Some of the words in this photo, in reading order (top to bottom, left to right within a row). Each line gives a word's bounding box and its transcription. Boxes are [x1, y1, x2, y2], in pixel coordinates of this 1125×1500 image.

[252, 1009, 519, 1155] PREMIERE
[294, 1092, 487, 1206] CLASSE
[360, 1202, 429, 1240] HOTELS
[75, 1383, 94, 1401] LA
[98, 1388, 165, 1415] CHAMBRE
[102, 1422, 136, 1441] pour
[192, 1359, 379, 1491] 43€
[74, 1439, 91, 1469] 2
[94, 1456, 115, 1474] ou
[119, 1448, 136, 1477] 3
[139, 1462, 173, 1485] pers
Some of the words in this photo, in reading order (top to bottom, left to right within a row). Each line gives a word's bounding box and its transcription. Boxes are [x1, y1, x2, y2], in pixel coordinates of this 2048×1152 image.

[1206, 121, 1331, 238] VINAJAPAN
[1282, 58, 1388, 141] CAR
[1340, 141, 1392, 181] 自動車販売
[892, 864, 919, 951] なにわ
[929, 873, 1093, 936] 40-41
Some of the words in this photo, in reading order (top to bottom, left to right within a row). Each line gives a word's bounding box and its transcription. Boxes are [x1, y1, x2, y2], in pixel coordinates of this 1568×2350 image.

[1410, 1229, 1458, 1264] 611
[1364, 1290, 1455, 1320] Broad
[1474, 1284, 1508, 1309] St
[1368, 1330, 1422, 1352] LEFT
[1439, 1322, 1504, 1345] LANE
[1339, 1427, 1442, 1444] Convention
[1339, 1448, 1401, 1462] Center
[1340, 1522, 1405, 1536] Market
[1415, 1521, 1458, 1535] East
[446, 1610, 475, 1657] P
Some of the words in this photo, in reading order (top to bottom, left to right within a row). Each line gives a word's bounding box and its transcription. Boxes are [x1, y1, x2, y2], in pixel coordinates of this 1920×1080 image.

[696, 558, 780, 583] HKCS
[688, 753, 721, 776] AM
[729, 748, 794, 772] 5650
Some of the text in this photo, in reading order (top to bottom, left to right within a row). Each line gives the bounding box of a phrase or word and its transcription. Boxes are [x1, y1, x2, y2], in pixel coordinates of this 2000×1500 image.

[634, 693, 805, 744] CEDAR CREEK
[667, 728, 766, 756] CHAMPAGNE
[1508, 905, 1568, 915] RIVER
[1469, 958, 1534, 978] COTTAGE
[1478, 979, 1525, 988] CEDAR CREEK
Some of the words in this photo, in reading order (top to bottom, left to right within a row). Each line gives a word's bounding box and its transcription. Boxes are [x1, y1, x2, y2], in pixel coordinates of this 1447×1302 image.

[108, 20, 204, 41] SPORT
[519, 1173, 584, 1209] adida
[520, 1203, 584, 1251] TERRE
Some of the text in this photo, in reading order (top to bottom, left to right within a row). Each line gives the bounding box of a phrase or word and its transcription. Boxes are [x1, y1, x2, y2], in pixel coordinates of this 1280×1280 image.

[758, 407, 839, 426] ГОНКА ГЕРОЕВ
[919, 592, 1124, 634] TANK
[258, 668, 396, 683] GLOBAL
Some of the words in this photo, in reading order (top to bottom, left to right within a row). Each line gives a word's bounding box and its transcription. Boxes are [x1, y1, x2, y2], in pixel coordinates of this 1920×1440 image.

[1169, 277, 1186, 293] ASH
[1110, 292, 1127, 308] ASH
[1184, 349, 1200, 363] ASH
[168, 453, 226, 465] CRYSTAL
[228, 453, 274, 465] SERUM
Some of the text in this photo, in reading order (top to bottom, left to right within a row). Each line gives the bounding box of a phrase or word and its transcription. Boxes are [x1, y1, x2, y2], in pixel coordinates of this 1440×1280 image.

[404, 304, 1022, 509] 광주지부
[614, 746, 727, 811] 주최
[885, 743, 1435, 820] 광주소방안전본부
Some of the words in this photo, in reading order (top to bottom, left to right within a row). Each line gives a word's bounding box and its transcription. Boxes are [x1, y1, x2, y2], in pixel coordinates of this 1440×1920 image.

[Work to complete]: When you repeat the data, keep each line exactly as given.

[Result of this task]:
Some of the words in this photo, in reading order (top to bottom, left to right within a row). Each line gives a word's bounding box and its transcription. Boxes are [x1, y1, x2, y2], in pixel coordinates of this 1125×1500 image.

[252, 1009, 519, 1155] PREMIERE
[294, 1092, 487, 1206] CLASSE
[360, 1202, 429, 1240] HOTELS
[75, 1383, 94, 1401] LA
[98, 1388, 165, 1415] CHAMBRE
[102, 1422, 136, 1441] pour
[192, 1359, 379, 1491] 43€
[74, 1439, 91, 1469] 2
[94, 1456, 115, 1474] ou
[119, 1448, 136, 1477] 3
[139, 1462, 173, 1485] pers
Some of the words in this photo, in reading order (top to bottom, left to right within a row). Each line gives a word's bounding box and its transcription. Boxes are [x1, y1, x2, y2], in pixel coordinates of this 2048×1152 image.

[1206, 121, 1331, 238] VINAJAPAN
[1282, 58, 1388, 141] CAR
[1340, 141, 1392, 181] 自動車販売
[892, 864, 919, 951] なにわ
[929, 873, 1093, 936] 40-41
Some of the words in this photo, in reading order (top to bottom, left to right within a row). Each line gives a word's bounding box and its transcription. Boxes are [x1, y1, x2, y2], in pixel coordinates of this 1568×2350 image.

[1410, 1229, 1458, 1264] 611
[1364, 1290, 1455, 1320] Broad
[1474, 1284, 1508, 1309] St
[1368, 1330, 1422, 1352] LEFT
[1439, 1322, 1504, 1345] LANE
[1339, 1427, 1442, 1444] Convention
[1339, 1448, 1401, 1462] Center
[1340, 1522, 1405, 1536] Market
[1415, 1521, 1458, 1535] East
[446, 1610, 475, 1657] P
Some of the words in this photo, in reading order (top to bottom, left to right within a row). Each line gives a word's bounding box and its transcription. Boxes are [x1, y1, x2, y2], in pixel coordinates of this 1920×1080 image.

[696, 558, 780, 583] HKCS
[688, 753, 721, 776] AM
[729, 748, 794, 772] 5650
Some of the text in this photo, in reading order (top to bottom, left to right within a row). Each line gives the bounding box of a phrase or word and its transcription. Boxes are [x1, y1, x2, y2], in pixel coordinates of this 2000×1500 image.

[634, 693, 805, 744] CEDAR CREEK
[667, 728, 766, 756] CHAMPAGNE
[1508, 905, 1568, 915] RIVER
[1469, 958, 1534, 978] COTTAGE
[1478, 979, 1525, 988] CEDAR CREEK
Some of the words in this photo, in reading order (top to bottom, left to right within a row). Each line gives a word's bounding box and its transcription. Boxes are [x1, y1, x2, y2], in pixel coordinates of this 1447×1302 image.

[108, 20, 204, 41] SPORT
[519, 1173, 584, 1209] adida
[520, 1203, 584, 1251] TERRE
Some of the text in this photo, in reading order (top to bottom, left to right within a row). Each line gives the bounding box of a phrase or word and its transcription. Boxes are [x1, y1, x2, y2], in pixel coordinates of this 1280×1280 image.

[758, 407, 839, 426] ГОНКА ГЕРОЕВ
[919, 592, 1124, 634] TANK
[258, 668, 396, 683] GLOBAL
Some of the words in this photo, in reading order (top to bottom, left to right within a row). Each line gives a word's bounding box and its transcription. Boxes are [x1, y1, x2, y2], in pixel coordinates of this 1920×1440 image.

[1169, 277, 1186, 293] ASH
[1110, 292, 1127, 308] ASH
[1184, 349, 1200, 363] ASH
[168, 453, 226, 465] CRYSTAL
[228, 453, 274, 465] SERUM
Some of the text in this photo, in reading order (top to bottom, left to right within a row). Each line gives the bounding box of a phrase or word and its transcription. Boxes are [x1, y1, x2, y2], in pixel coordinates of this 1440×1280 image.

[404, 304, 1022, 509] 광주지부
[614, 746, 727, 811] 주최
[885, 743, 1435, 820] 광주소방안전본부
Some of the words in this photo, in reading order (top to bottom, left to right within a row). Each line gives a word's bounding box and its transcription. Boxes are [x1, y1, x2, y2], in pixel coordinates of this 1440×1920 image.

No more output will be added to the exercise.